Image-backed grounding data
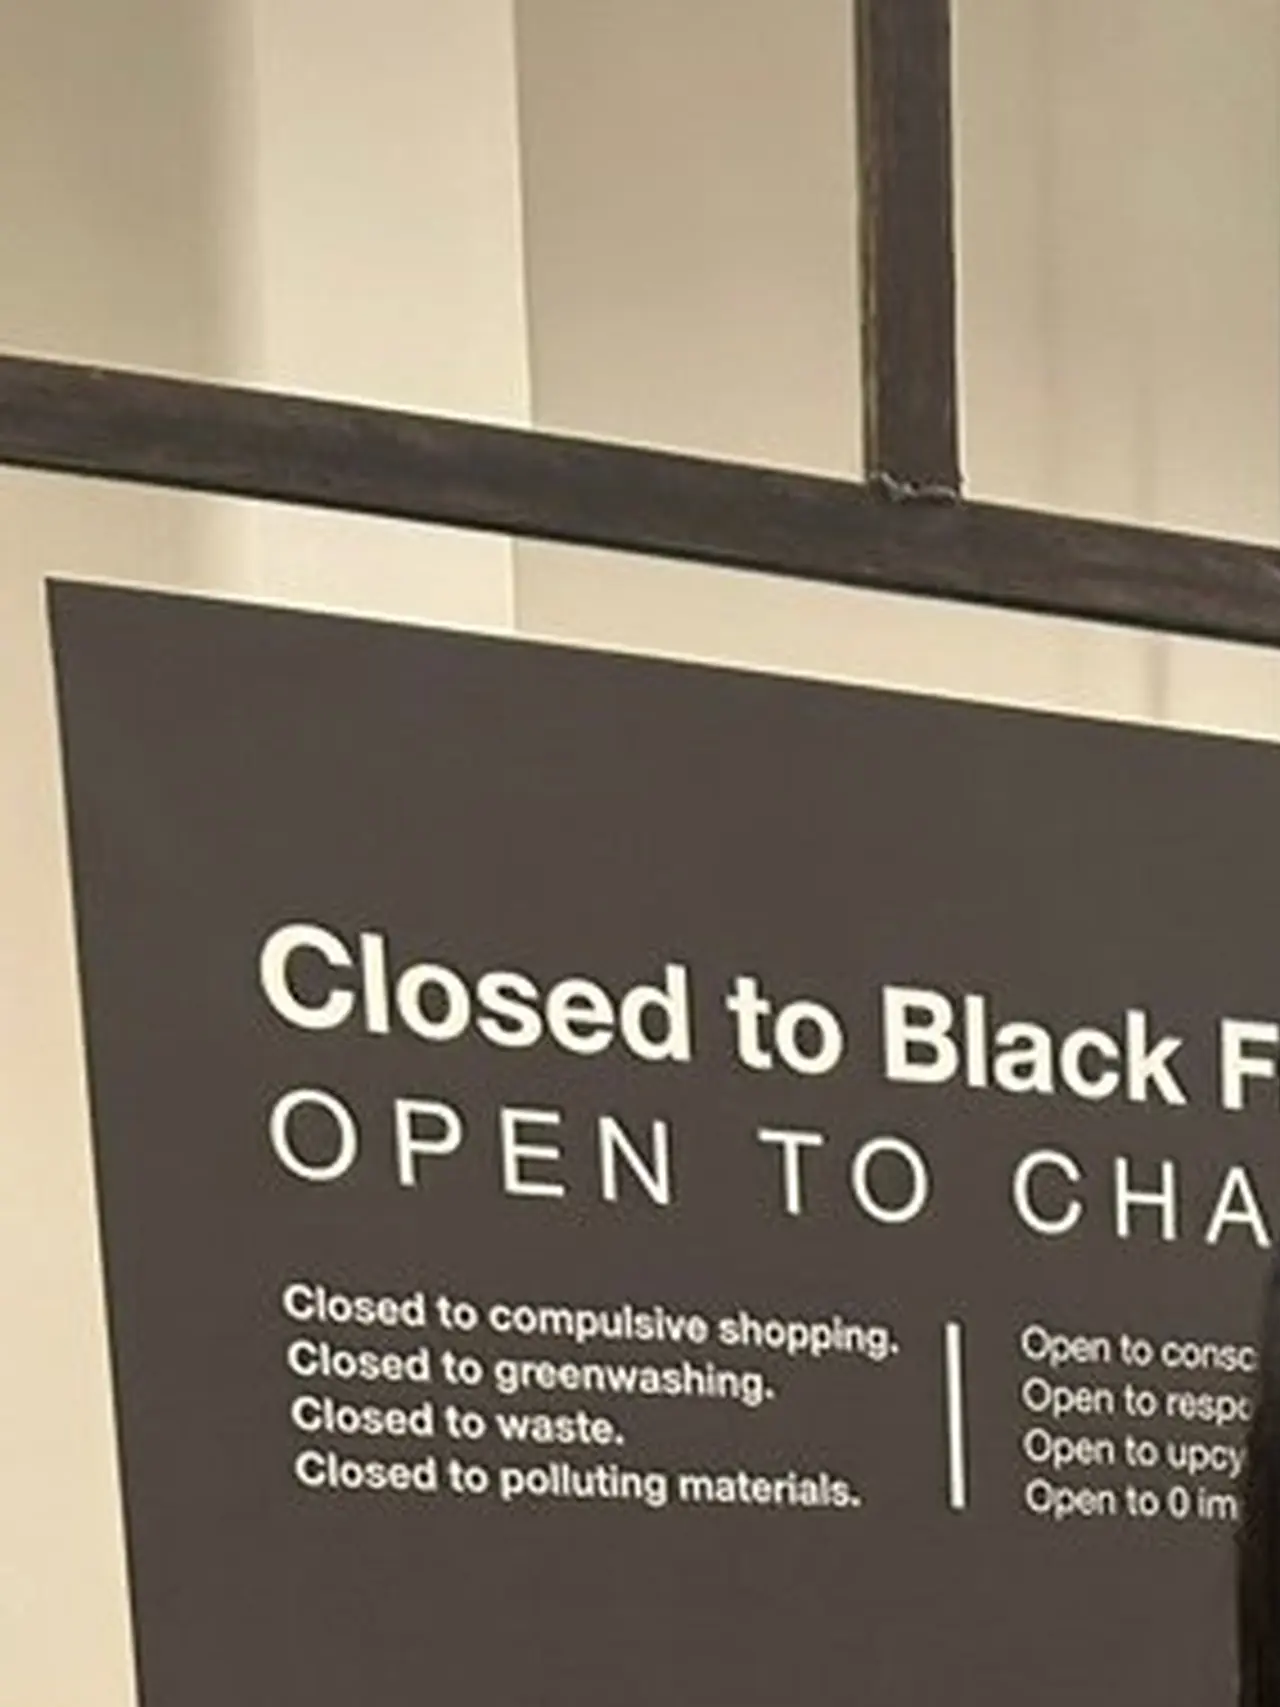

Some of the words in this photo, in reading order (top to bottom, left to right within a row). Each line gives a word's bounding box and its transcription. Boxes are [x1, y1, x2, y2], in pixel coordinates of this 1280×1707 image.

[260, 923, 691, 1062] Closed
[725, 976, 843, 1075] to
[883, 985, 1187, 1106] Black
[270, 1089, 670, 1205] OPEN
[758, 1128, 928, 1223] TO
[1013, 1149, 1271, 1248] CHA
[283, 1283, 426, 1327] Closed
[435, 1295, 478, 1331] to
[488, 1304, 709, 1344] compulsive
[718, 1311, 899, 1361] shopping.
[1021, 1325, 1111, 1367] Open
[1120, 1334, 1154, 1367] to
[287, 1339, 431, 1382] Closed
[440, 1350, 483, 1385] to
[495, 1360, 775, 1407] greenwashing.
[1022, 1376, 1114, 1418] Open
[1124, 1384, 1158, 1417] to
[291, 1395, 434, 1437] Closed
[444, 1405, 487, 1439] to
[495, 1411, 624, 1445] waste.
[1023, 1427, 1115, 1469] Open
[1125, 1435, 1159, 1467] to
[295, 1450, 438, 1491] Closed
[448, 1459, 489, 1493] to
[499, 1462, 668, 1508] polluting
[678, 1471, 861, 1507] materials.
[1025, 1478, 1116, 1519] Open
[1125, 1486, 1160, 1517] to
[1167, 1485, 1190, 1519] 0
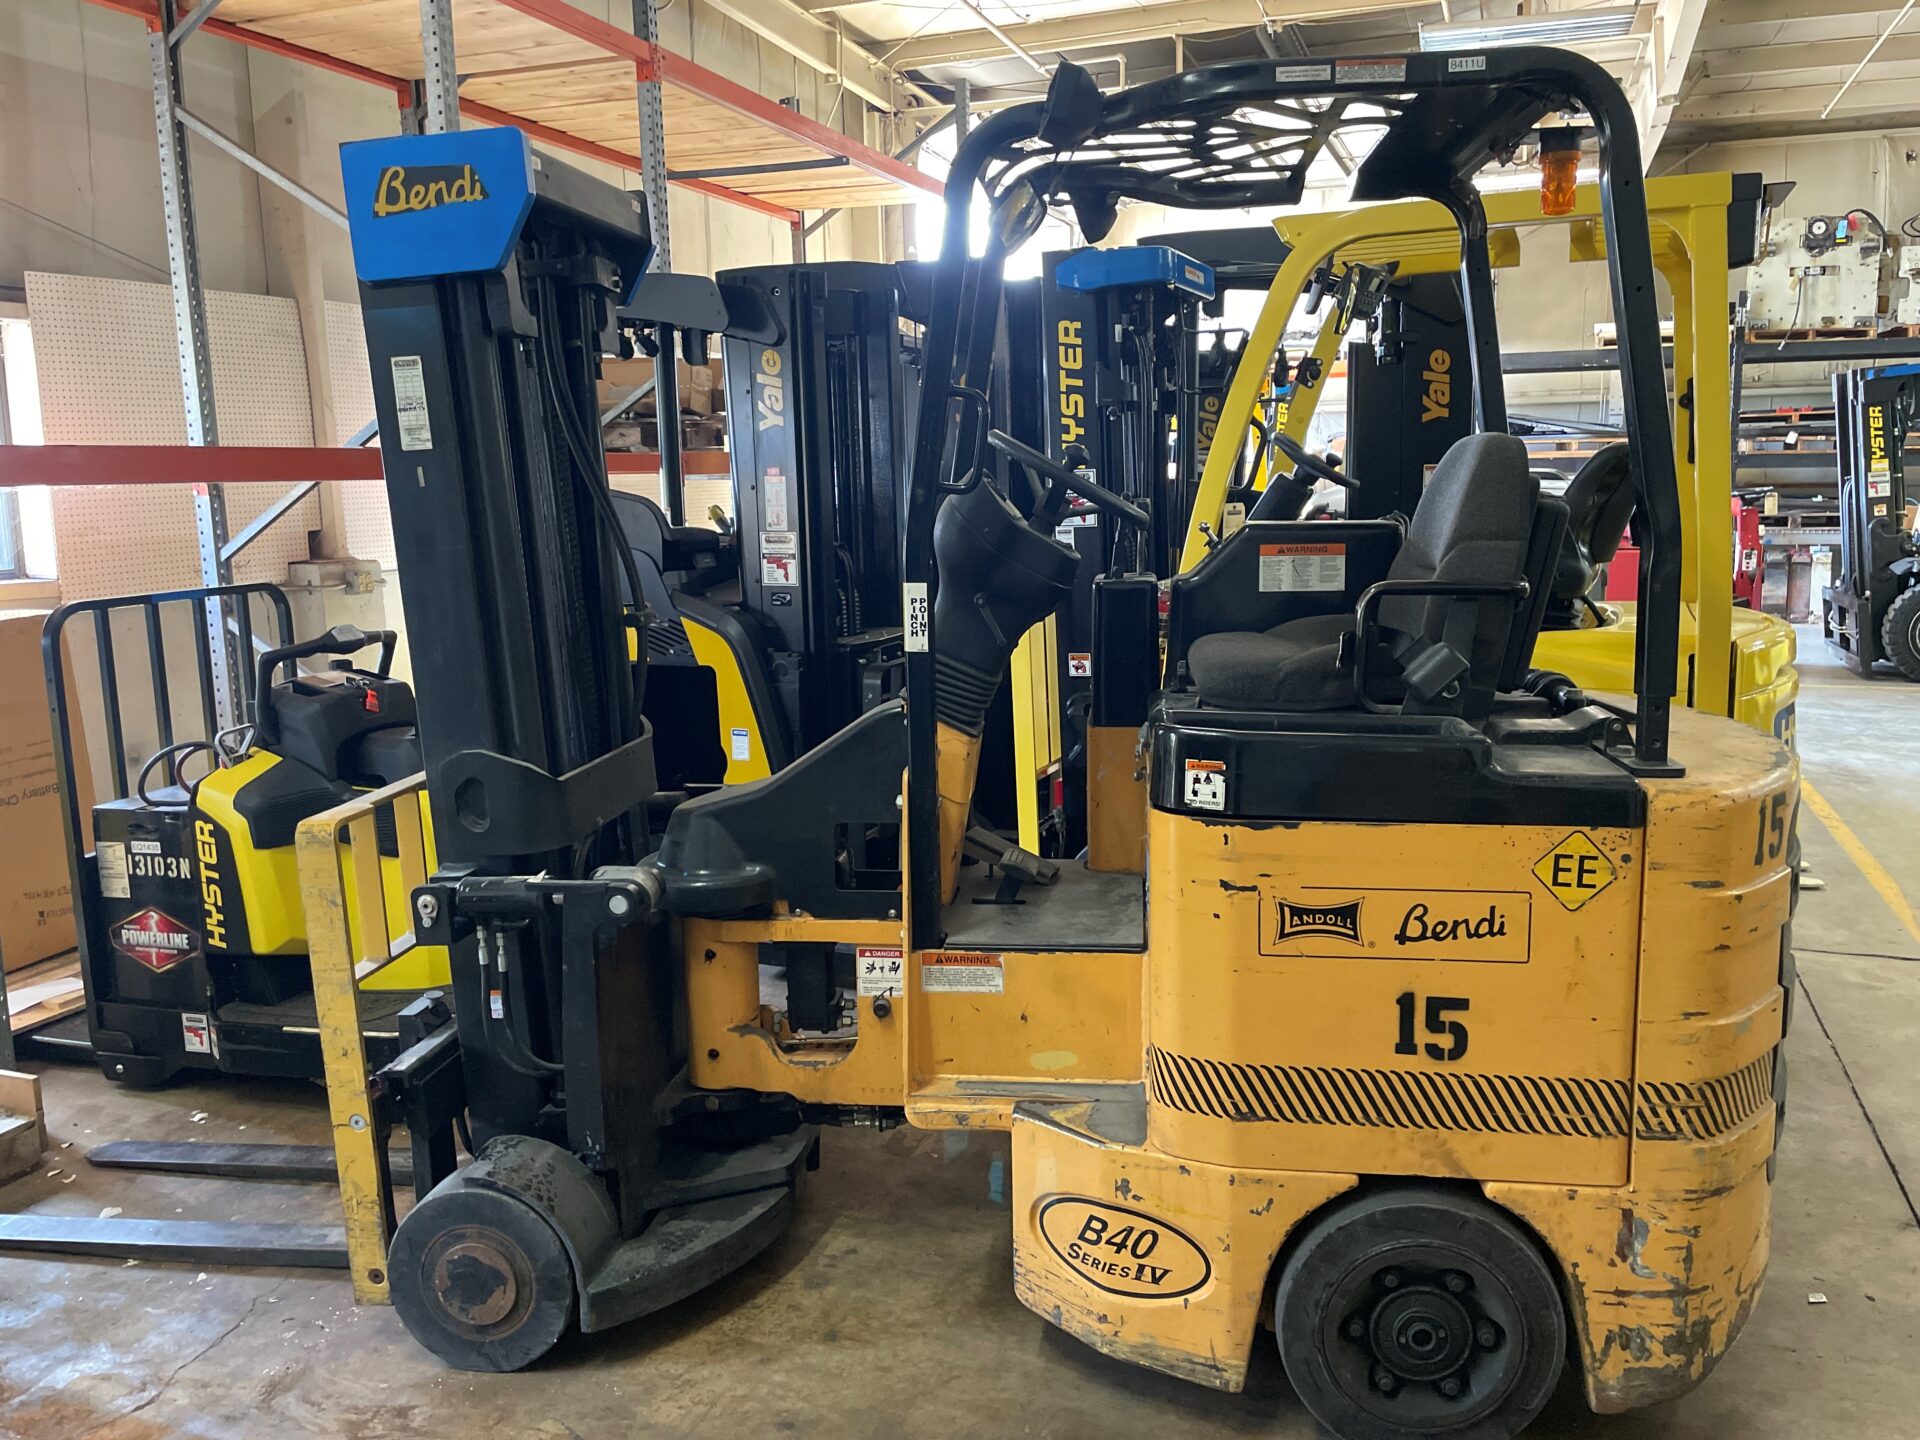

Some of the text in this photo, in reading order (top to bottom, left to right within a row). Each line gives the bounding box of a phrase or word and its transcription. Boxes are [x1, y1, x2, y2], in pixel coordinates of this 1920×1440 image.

• Work instructions: Images stay out; the entries above are to be printed exactly.

• Task output:
Some of the words in this photo, in reading order (top to bottom, left to right within a row). Each line gives a word's bounding box and its transcription. Boxes are [x1, y1, x2, y2], in pixel coordinates of this 1280×1707 image.

[260, 923, 691, 1062] Closed
[725, 976, 843, 1075] to
[883, 985, 1187, 1106] Black
[270, 1089, 670, 1205] OPEN
[758, 1128, 928, 1223] TO
[1013, 1149, 1271, 1248] CHA
[283, 1283, 426, 1327] Closed
[435, 1295, 478, 1331] to
[488, 1304, 709, 1344] compulsive
[718, 1311, 899, 1361] shopping.
[1021, 1325, 1111, 1367] Open
[1120, 1334, 1154, 1367] to
[287, 1339, 431, 1382] Closed
[440, 1350, 483, 1385] to
[495, 1360, 775, 1407] greenwashing.
[1022, 1376, 1114, 1418] Open
[1124, 1384, 1158, 1417] to
[291, 1395, 434, 1437] Closed
[444, 1405, 487, 1439] to
[495, 1411, 624, 1445] waste.
[1023, 1427, 1115, 1469] Open
[1125, 1435, 1159, 1467] to
[295, 1450, 438, 1491] Closed
[448, 1459, 489, 1493] to
[499, 1462, 668, 1508] polluting
[678, 1471, 861, 1507] materials.
[1025, 1478, 1116, 1519] Open
[1125, 1486, 1160, 1517] to
[1167, 1485, 1190, 1519] 0

Some of the text in this photo, in reading order (top to bottom, left to right within a row). Each line gives the bounding box of a phrase or word and its transcription. Boxes are [x1, y1, x2, y2], in pixel coordinates of this 1920×1440 image.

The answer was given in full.